The reservoir characteristics typically include mineralogy data, permeability and preferably, an estimate of the quantity and depth of damage such as scales, fines migration or drilling-related damages including the initial damage skin. This estimate can be made for instance based on nodal analysis or available mud and resistivity logs. The reservoir characteristics may be stored in a database and if not already available, are obtained by geochemical logging or from core analysis and further stored in the database for further use.
The model is preferably calibrated with data including effluent analysis and permeability evolution (including predicted damages). Sensitivity analysis may be also performed to optimize the design variables and select improved treatment design.
Once an optimized design has been selected, the execution of the treatment can begin and damage skin can be computed on a real time basis. This allows a comparison with the predicted damages and, if appropriate, adjustment of the treatment.

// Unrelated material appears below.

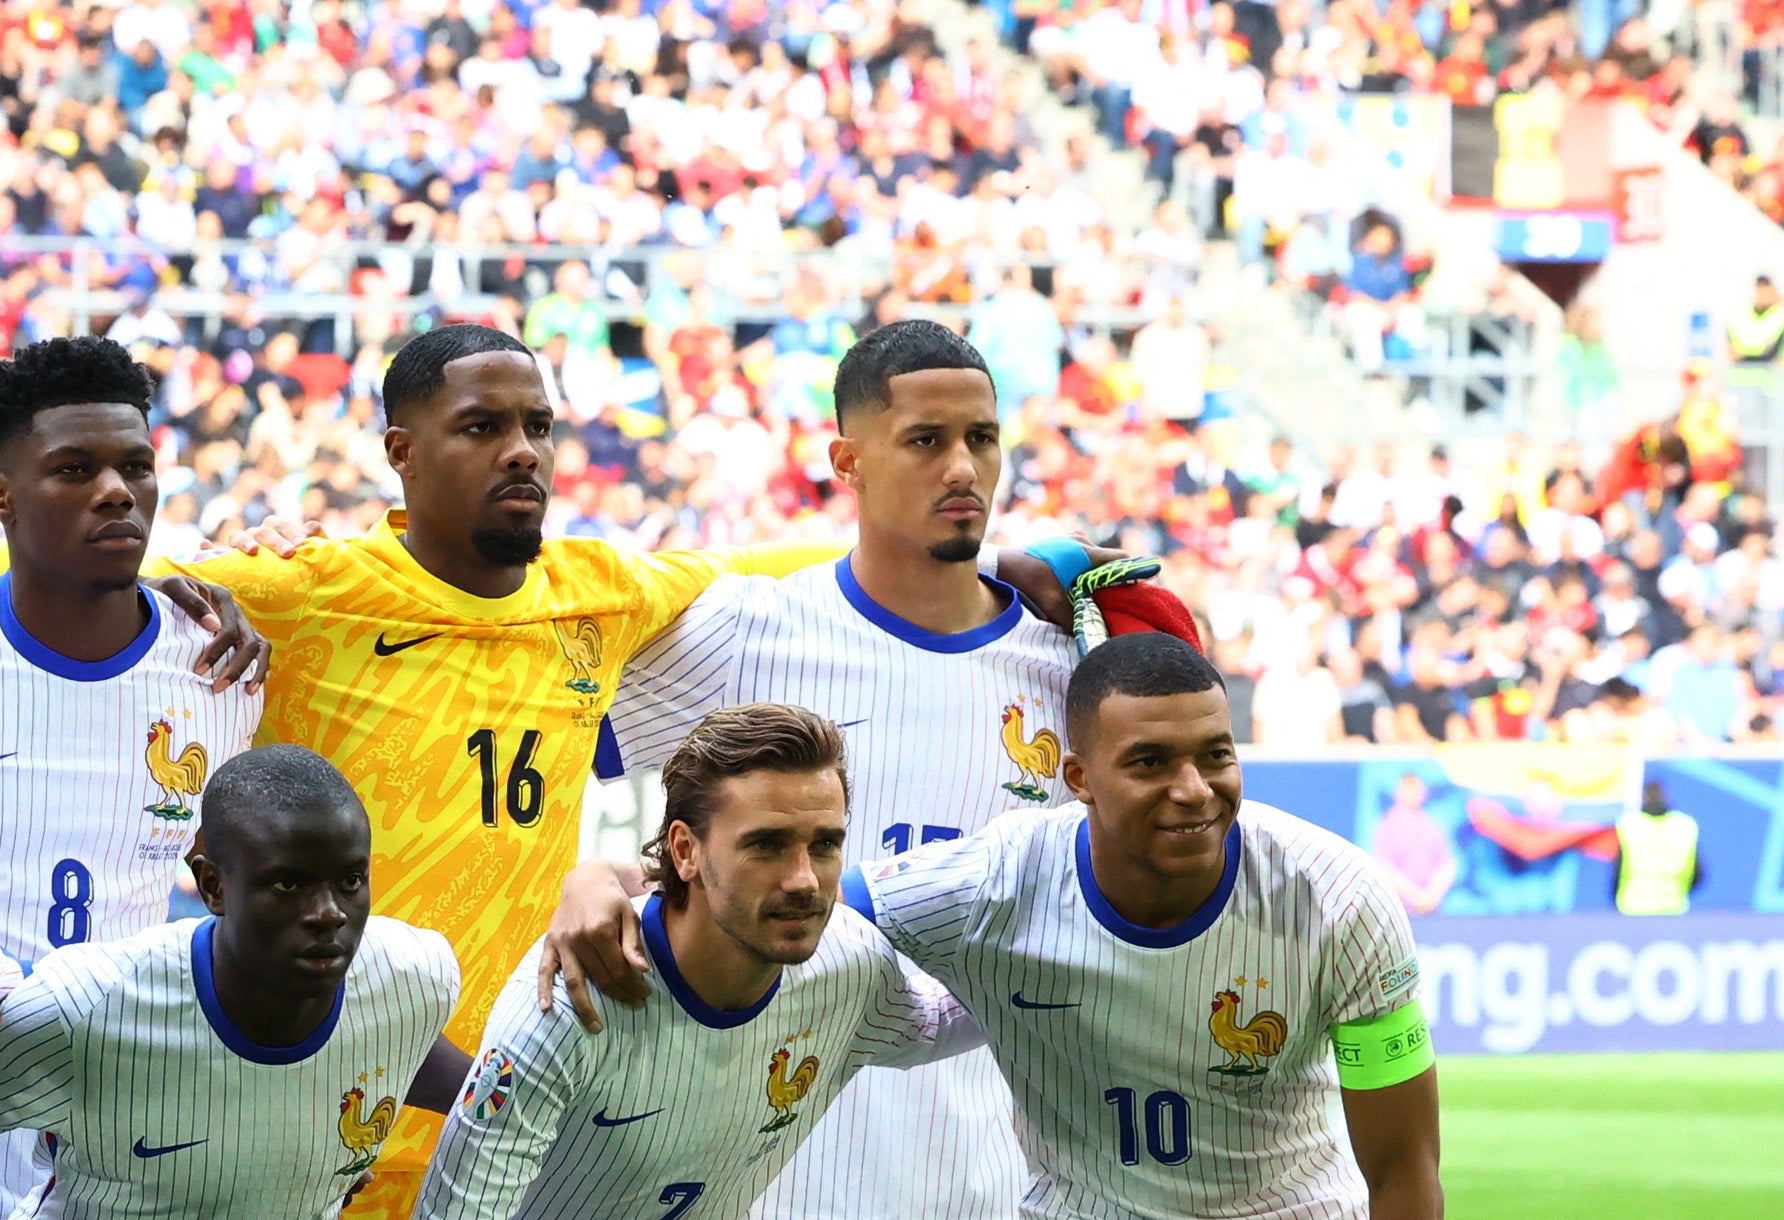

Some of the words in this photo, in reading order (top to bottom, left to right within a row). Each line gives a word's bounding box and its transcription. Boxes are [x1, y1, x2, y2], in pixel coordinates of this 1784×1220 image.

[467, 729, 545, 828] 16
[47, 858, 94, 949] 8
[1104, 1086, 1192, 1167] 10

Specifically, the invention comprises data collection, design optimization, execution and evaluation. In the execution phase, the damage is computed in real time from either calculated or measured values of bottomhole pressure and injection rate. It can then be compared to the computed damage skin with that predicted by the mathematical model. The model can thereafter be refined by better estimates for type, quantity and depth of damage to match the measured values and, if needed, appropriate changes to the treatment design are performed.
Post treatment data, such as flowback analysis, production data and production logs, are used to further refine the mathematical model and the estimates of damage depth and quantity. The treatment data can finally be uploaded into the database so it can be used in improving future treatment designs.

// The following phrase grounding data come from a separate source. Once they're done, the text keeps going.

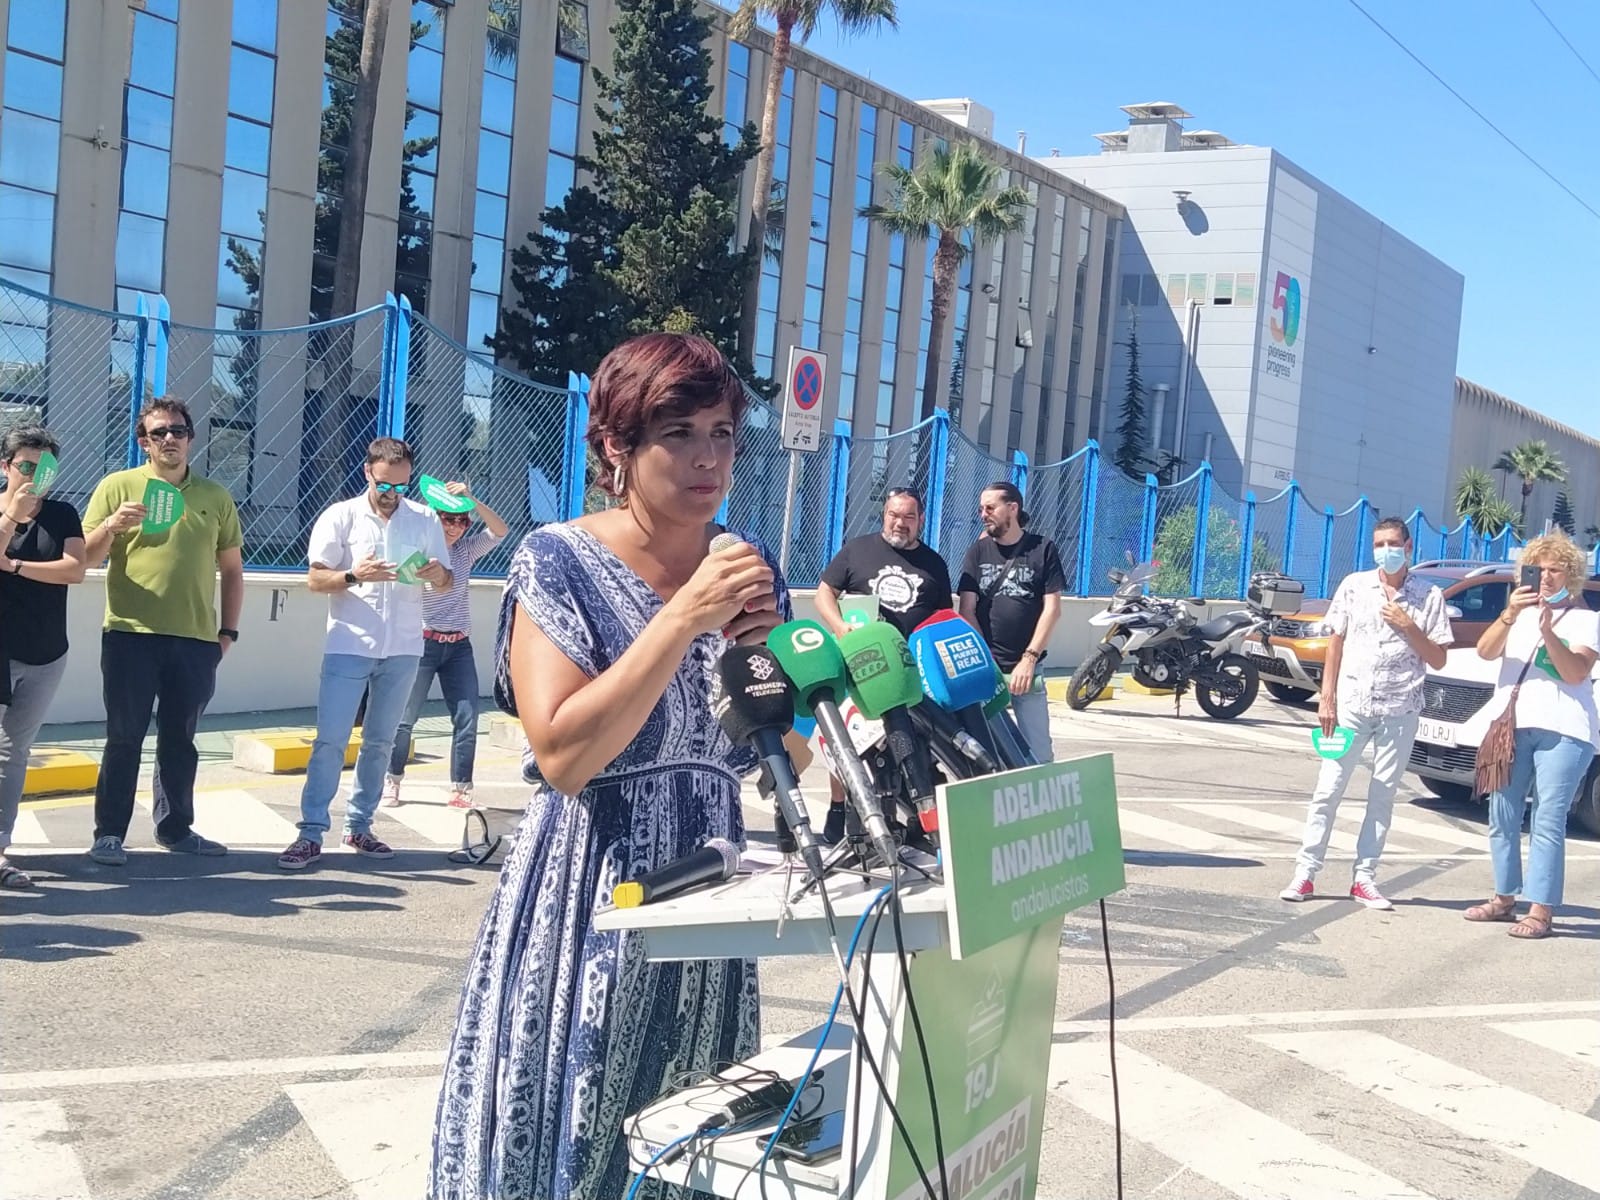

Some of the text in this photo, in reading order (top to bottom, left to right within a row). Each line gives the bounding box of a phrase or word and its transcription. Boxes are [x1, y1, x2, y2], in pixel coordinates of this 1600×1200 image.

[1267, 342, 1296, 368] pioneering
[1266, 360, 1291, 377] progress
[947, 638, 975, 653] TELE
[952, 648, 979, 661] PUERTO
[956, 655, 984, 670] REAL
[744, 681, 788, 694] ATRESMEDIA
[993, 771, 1083, 828] ADELANTE
[991, 811, 1095, 887] ANDALUCÍA
[1011, 872, 1089, 924] andalucistas
[965, 1053, 999, 1115] 19J
[914, 1109, 1026, 1200] ALUCÍA

The method of the subject invention facilitates treatment design with the methodology described above. This can be implemented with a mathematical model and databases. The mathematical model may comprise the following components:
1. Algorithm for automatic selection of the various applicable chemical reactions for the defined system of fluids and minerals
2. Modeling of organic acids and chelating agent chemistry for sandstone acidizing
3. Algorithm for scale up from core to reservoir
4. Modeling of multiple precipitates
The mathematical model can be extended later to other processes such as carbonate acidizing, scale inhibition, or other mechanisms that involve fluid/reservoir interaction.

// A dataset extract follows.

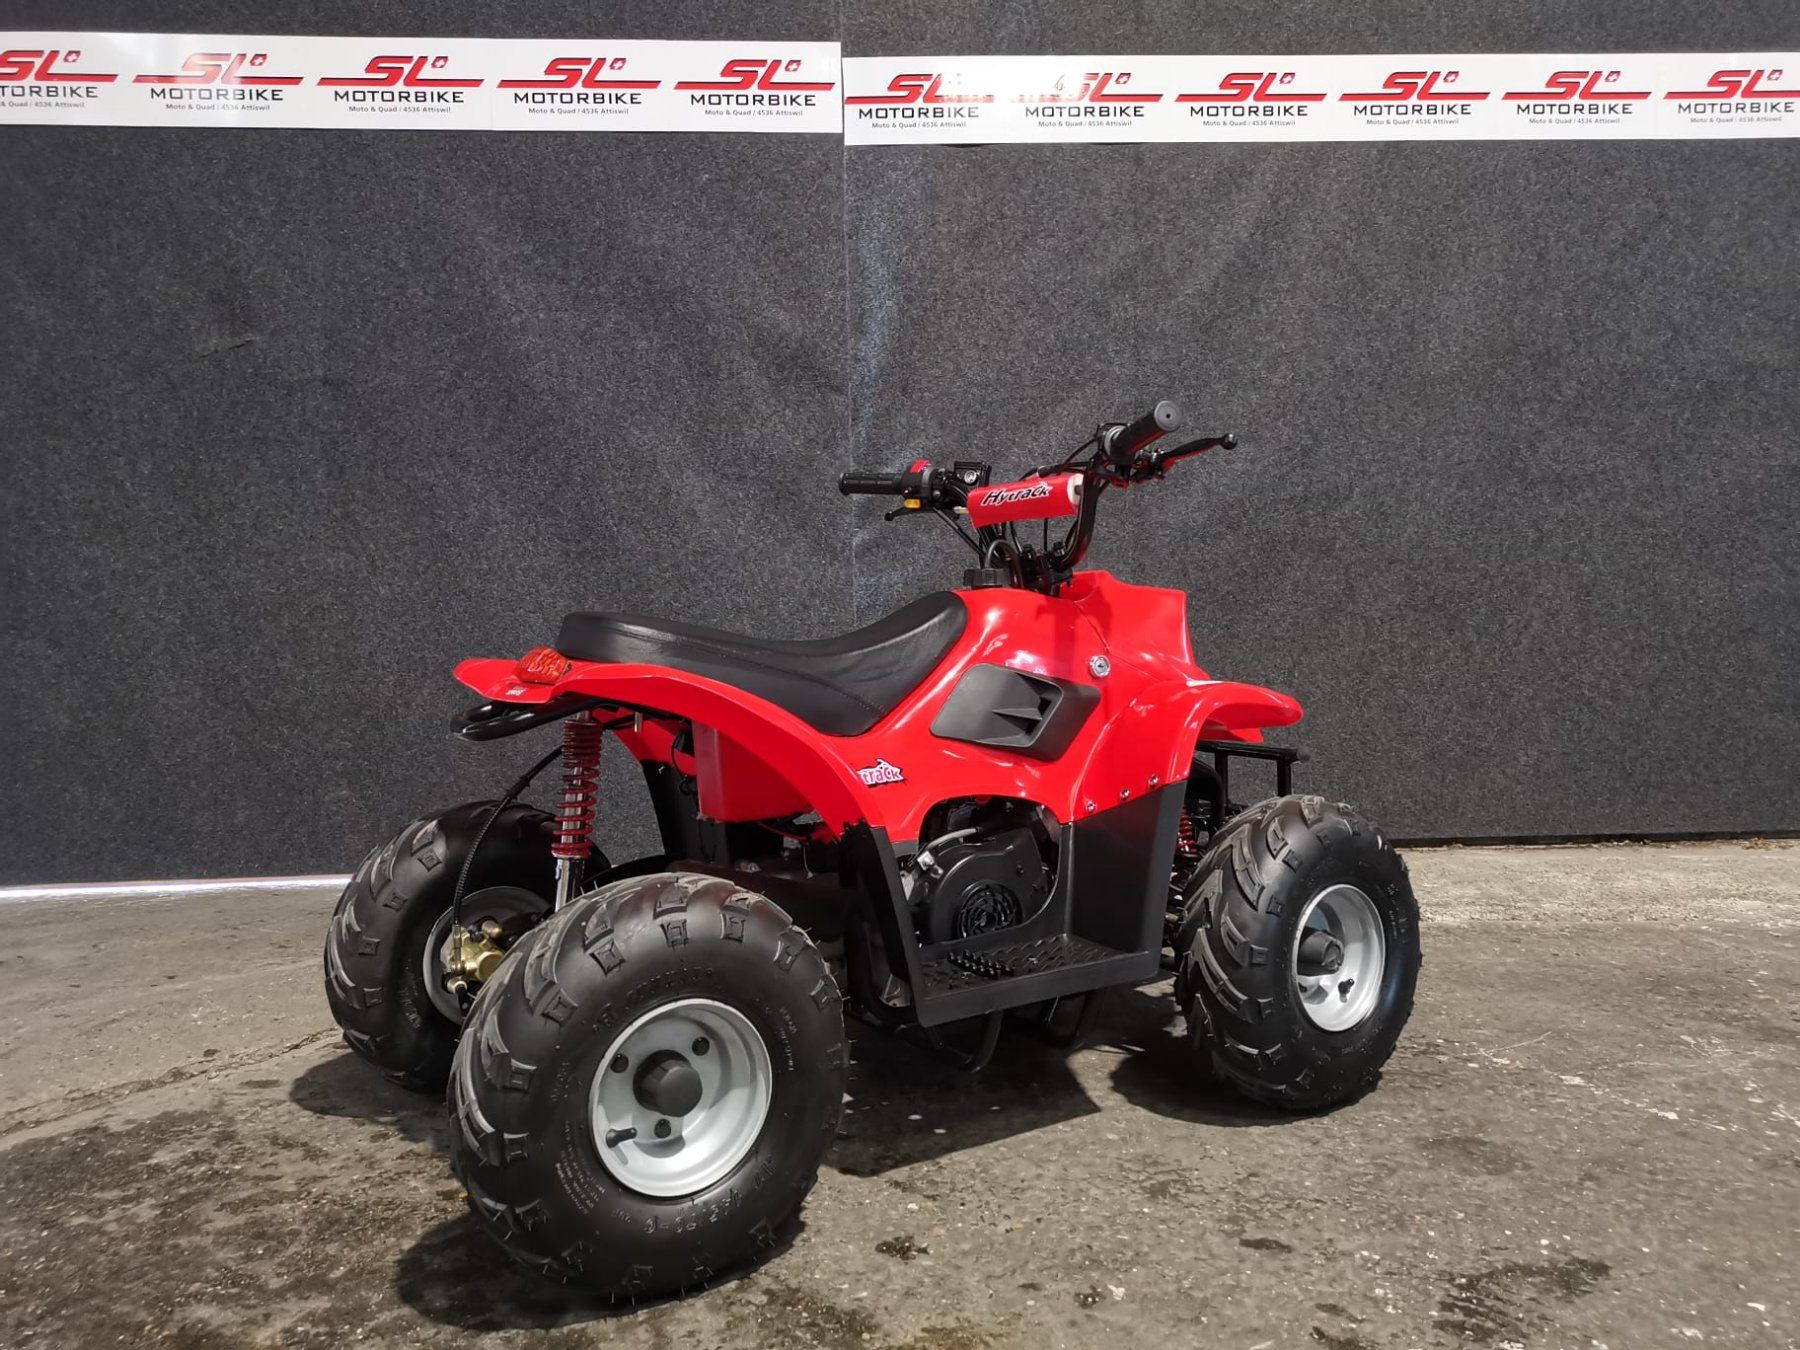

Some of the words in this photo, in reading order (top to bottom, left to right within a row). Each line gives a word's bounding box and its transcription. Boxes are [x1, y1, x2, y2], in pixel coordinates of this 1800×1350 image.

According to a preferred embodiment, the method of the subject invention incorporates extensive databases of minerals, chemical reactions, fluids and reservoirs in order to feed the mathematical model with accurate geological, physical and reactivity data, thereby ensuring the success of the process. Users preferably have the ability to create new components (fluids, minerals, reactions) and add them to the database for future use. This allows continued expansion of the methodology of the subject invention to new systems and new processes. In accordance with the teachings of the subject invention, chemical equilibrium calculations can be performed between any number of minerals and aqueous solutions.
In the preferred embodiment of the invention, the essential steps are stored on a CD-ROM device. In another preferred embodiment, the method/process is downloadable from a network server, or an internet web page. Moreover, the present invention can be subsumed using a software developed to assist acid treatments.